Eastern brook trout, speckled trout, native, spotted trout, speckled charr, brook charr, salter, coaster, squaretail, brookie, aurora trout, mountain trout; French: truite mouchetée.
Brook trout have such unique coloration and patterns that they are rarely confused with other fish, especially if you have a native specimen (which will have a richer and more vibrant coloration than a hatchery specimen). Three external characteristics will immediately distinguish brook trout from brown trout, rainbow trout, or other charr species. White stripes on the outer edges of all fins except the tail fin identify them as charr. A narrow black stripe runs along the inside of the white fin edges. The spots on the body of true trout are on a light background, but all char have them reversed. Trout have large scales that are easily visible to the eye, while char have very small scales. A completely unique feature of brook trout is the worm-like wavy lines, called vermiculations, on the back and head. They appear as a series of tiger stripes on the dorsal, fat, and tail fins. Like all salmonids, brook trout have a rudimentary fat fin on the back. It also has paired pectoral and pelvic fins and a single anal fin just behind the belly. Coloration can vary greatly depending on the environment, ranging from a light metallic blue in fish caught in salt water (called salt marshes) or in fish that leave their native streams and spend part of the year in large, deep, clear lakes (called shorelines), to dark brown and yellowish bodies in trout trapped behind beaver dams or in high mountain ponds. In both sexes, body color intensifies during spawning and is more pronounced in males.
Brook trout populations still exist throughout much of the species' original range. Their range includes the entire northeastern United States, the Canadian Maritime Islands, Labrador and Newfoundland, and they inhabit all the rivers and streams in Quebec and Ontario that flow into the Hudson and James Bays. The 96° longitude line, where it intersects with Minnesota, is the natural western limit of brook trout distribution in the United States, although they have been introduced elsewhere and as far away as California. The southernmost distribution of brook trout is in the headwaters of the Chattahoochee River in Georgia.

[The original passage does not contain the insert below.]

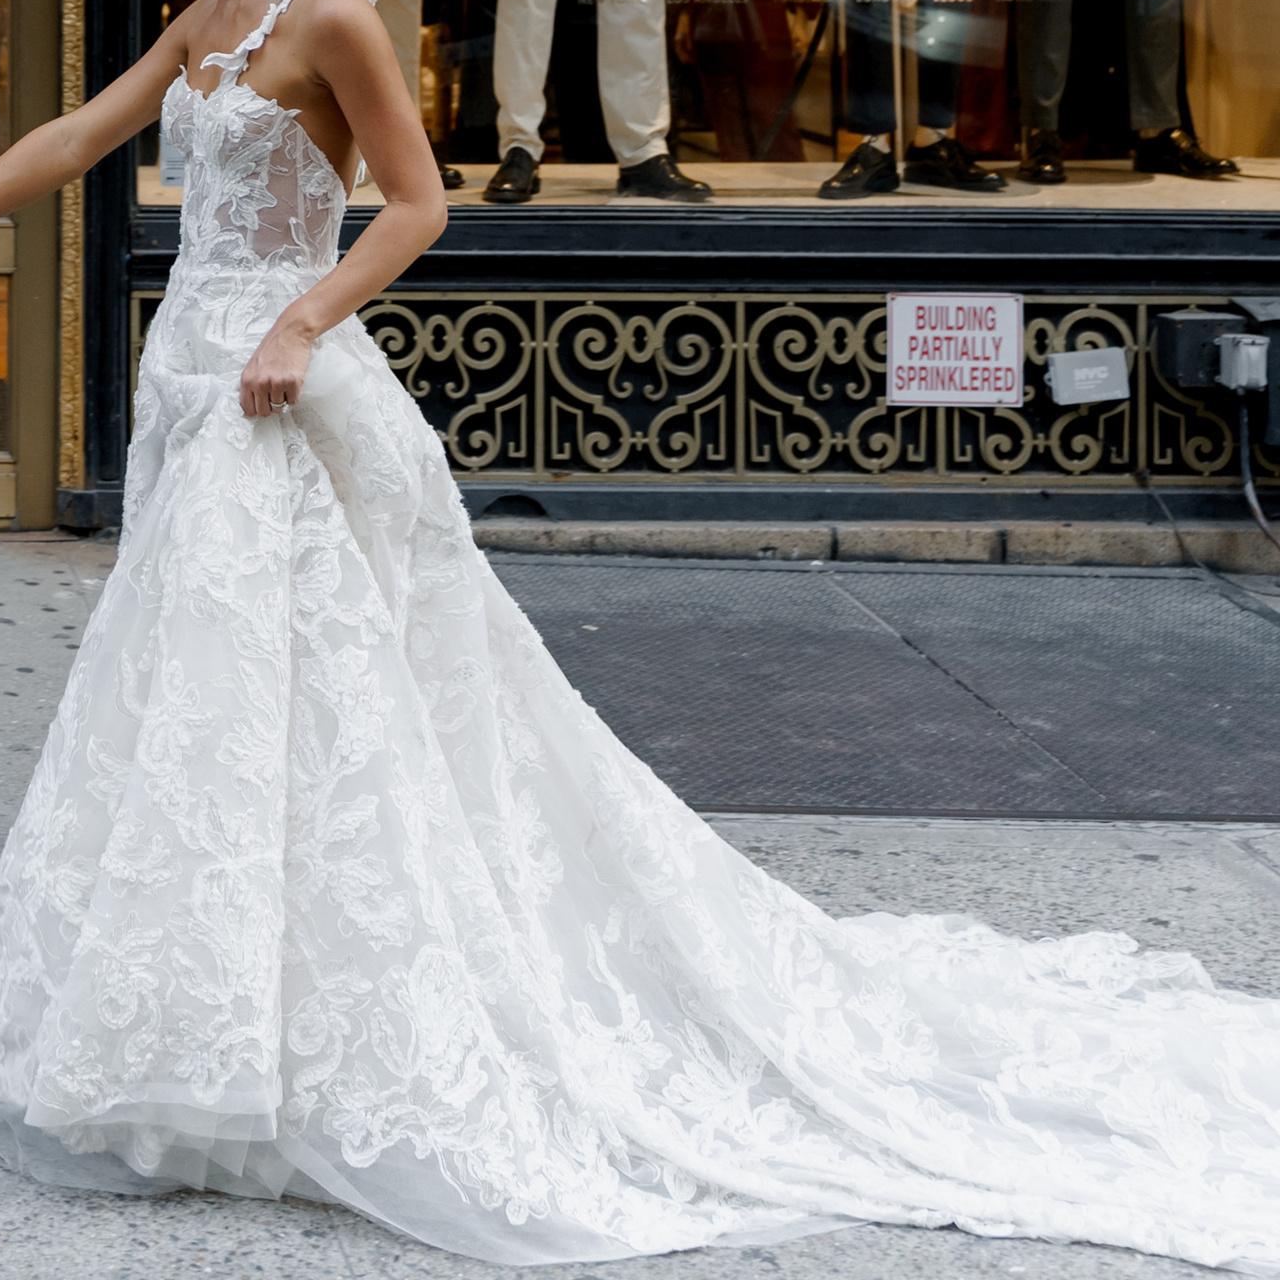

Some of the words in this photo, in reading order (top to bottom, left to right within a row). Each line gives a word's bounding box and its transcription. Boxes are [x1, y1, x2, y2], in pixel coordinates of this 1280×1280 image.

Compared to all other char species, as well as salmon and trout, brook trout are the least demanding in terms of habitat. This allows them to live in a wide variety of environments with a wide range of tolerances. They live in small streams, creeks, brooks, and beaver ponds. They live in large streams and all types of lakes, from the Great Lakes to small lakes and ponds to small rivers and large rivers with violent waterfalls and rapids. Because of a unique organ (glomerulus) in their kidneys, they are anadromous and can migrate to river mouths and thrive in brackish tidal creeks, pure salt bays, and even the oceans themselves. However, they are a classic example of a cold-water species and do best in the northern half of the Northern Hemisphere.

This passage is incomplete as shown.